The great lockdown experiment: has the future of real estate arrived early?

2020 may prove to be the year when we learnt a huge amount about the future of the real estate sector in a very short space of time.  COVID has trampled all over the real estate cycle and to many it will feel like we have lived 7 years of change in 7 months.  The Great Lockdown visibly accelerated many pre-existing trends, creating a profound pattern of winners and losers, amplifying dispersion and bolstering the levels of investor conviction around key secular themes.

The biggest beneficiary of this effect have been logistics properties.  Investors now have even more appetite for logistics and last mile fulfilment assets facilities.  Investors also, understandably, remain bullish about residential for rent assets as the supply of high-quality apartments in European cities remains extremely constrained and demand for affordable spaces remains robust.

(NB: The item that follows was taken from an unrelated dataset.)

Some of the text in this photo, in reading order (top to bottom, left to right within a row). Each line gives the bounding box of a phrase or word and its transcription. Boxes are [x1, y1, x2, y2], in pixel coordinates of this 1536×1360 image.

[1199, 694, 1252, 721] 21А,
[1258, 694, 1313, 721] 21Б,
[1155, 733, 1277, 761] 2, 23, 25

We have also all learnt even more about retail assets.  Grocery anchored retail parks selling necessity goods have traded their socks off throughout the pandemic, footfall in retail parks has barely skipped a beat during lockdown and rent collections have remained high.   After five years of creeping uncertainty, lockdown has helped differentiate what we need in the retail sector from what we do not.  Investors are now starting to differentiate and parks that are grocery anchored are diverging from shops and traditional malls.  Rising transaction volumes in this new ‘fulfilment’ niche suggests that investors may sense opportunity.

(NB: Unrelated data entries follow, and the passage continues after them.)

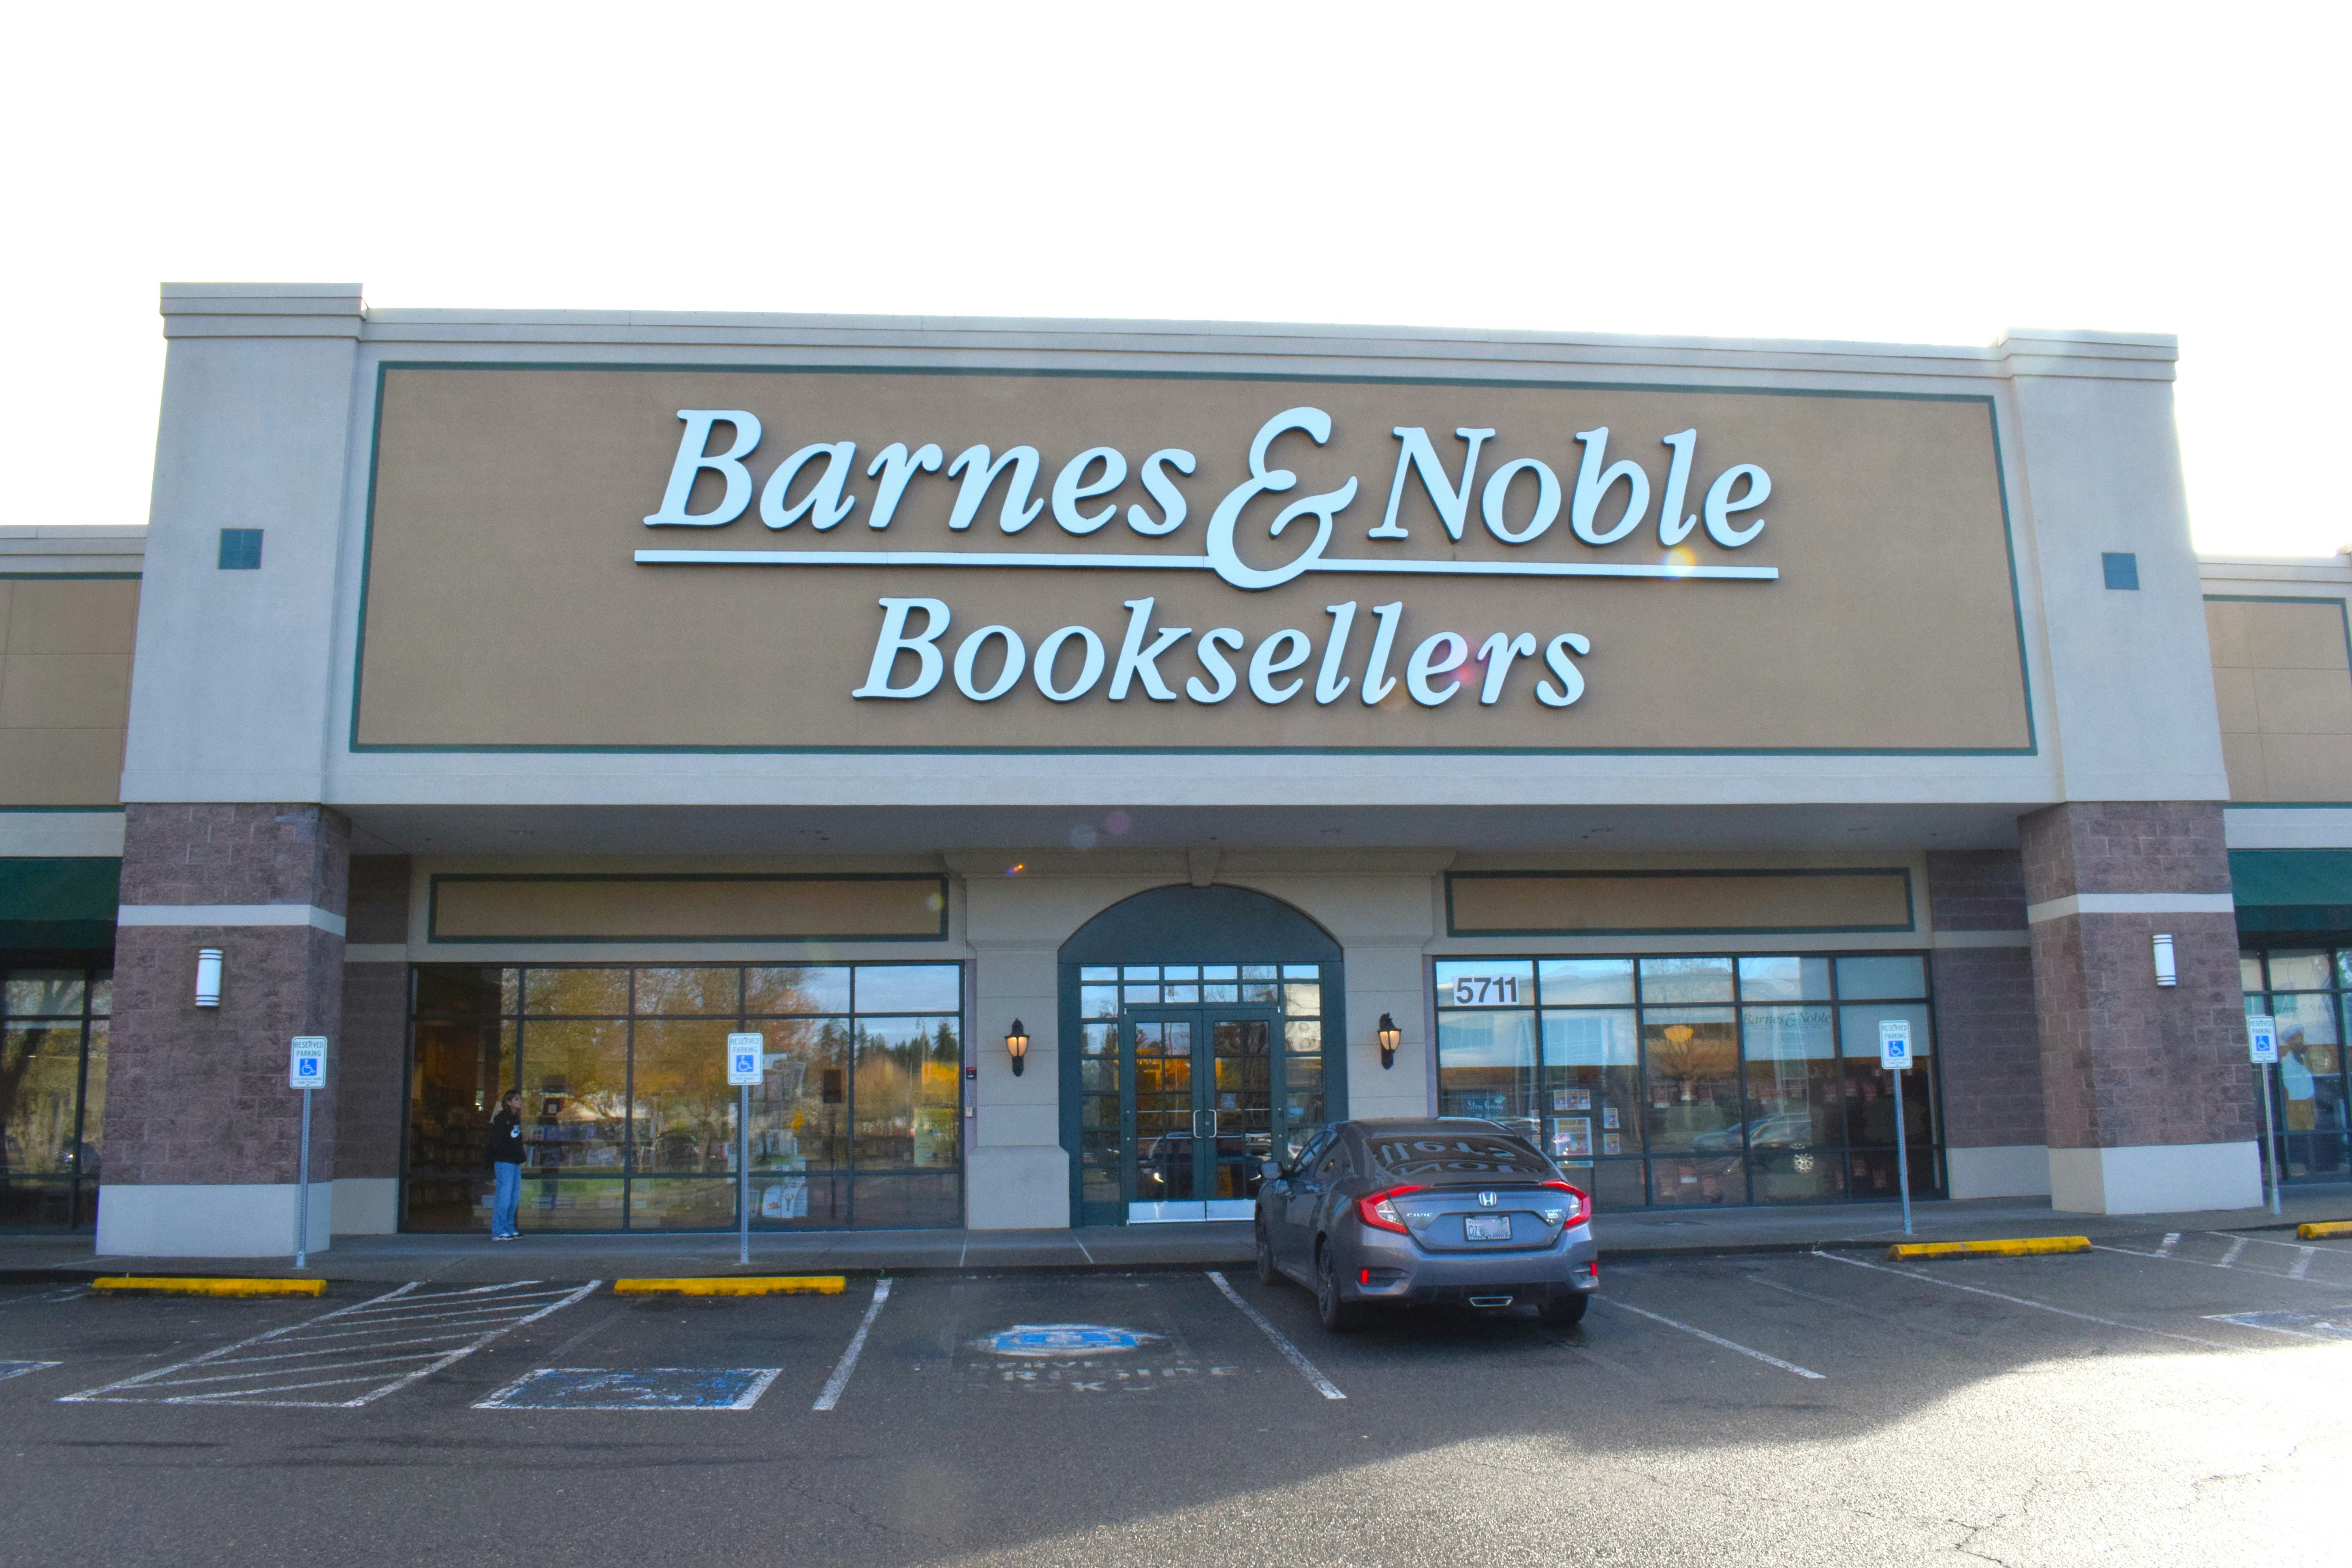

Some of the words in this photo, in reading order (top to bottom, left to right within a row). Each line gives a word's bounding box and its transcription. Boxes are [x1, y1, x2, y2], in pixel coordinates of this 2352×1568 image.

[643, 408, 1196, 536] Barnes
[1206, 406, 1358, 589] &
[1368, 426, 1772, 547] Noble
[852, 596, 1591, 707] Booksellers
[1456, 976, 1517, 1004] 5711
[1744, 1014, 1784, 1024] Barnes
[1798, 1012, 1831, 1023] Noble

The real estate sectors that have been hit hardest by the downside of the ‘shock’ effect have been those related to tourism, leisure and social discretionary spending.  These spaces have been popular with investors playing ‘wealth creation’ thematics.  However, the cashflow consequences associated with low visitor numbers are now morphing into capital structure issues.  This just shows that strategies with a strong thematic can still be upended but will, of course, be an opportunity for new capital to enter the sector.

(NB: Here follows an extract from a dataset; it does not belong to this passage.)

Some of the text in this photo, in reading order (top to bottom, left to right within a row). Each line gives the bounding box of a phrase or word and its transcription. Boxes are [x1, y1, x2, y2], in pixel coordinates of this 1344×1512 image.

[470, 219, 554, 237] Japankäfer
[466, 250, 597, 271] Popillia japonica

Lockdown has also triggered debates over the pace of urbanisation and the role of workplaces.  Given the importance of this debate, back in May we set up a study to assess the impact of the lockdown on cities and office users. Our urban workplaces survey spans six European cities and over 6,000 participants.  We ran it twice in June and September.  The work has yielded some significant insights that is helping guide our perspectives of cities and their office markets.

Firstly, knowledge matters. High knowledge workers and low knowledge workers think differently about cities and workplaces.  High knowledge workers want to gather in shared spaces, they want to go back into the office and they see cities and offices as a valuable learning, collaborative and creative environment.  They also appreciate management flexibility and space agility.  This has implications for design and density of space use – but our numbers clearly show that high knowledge companies need high knowledge cities and high-quality office spaces that they can use flexibly.   We view this as a net positive, it will continue to reinforce the urbanisation trend is a major driver of our strategies in high knowledge cities and will help accelerate the process of repositioning urban office assets, creating significant opportunity for investors that have a repurposing skills and the right asset management platform.

Over the last nine months we have had a preview of what the future holds for much of the next decade.  This is an extraordinary learning environment for managers and we are focussed on adapting so that our clients can reap the benefits of this change.  Tumultuous times are always a great opportunity to make risk adjusted returns and that is what we are focussed on as we head into 2021.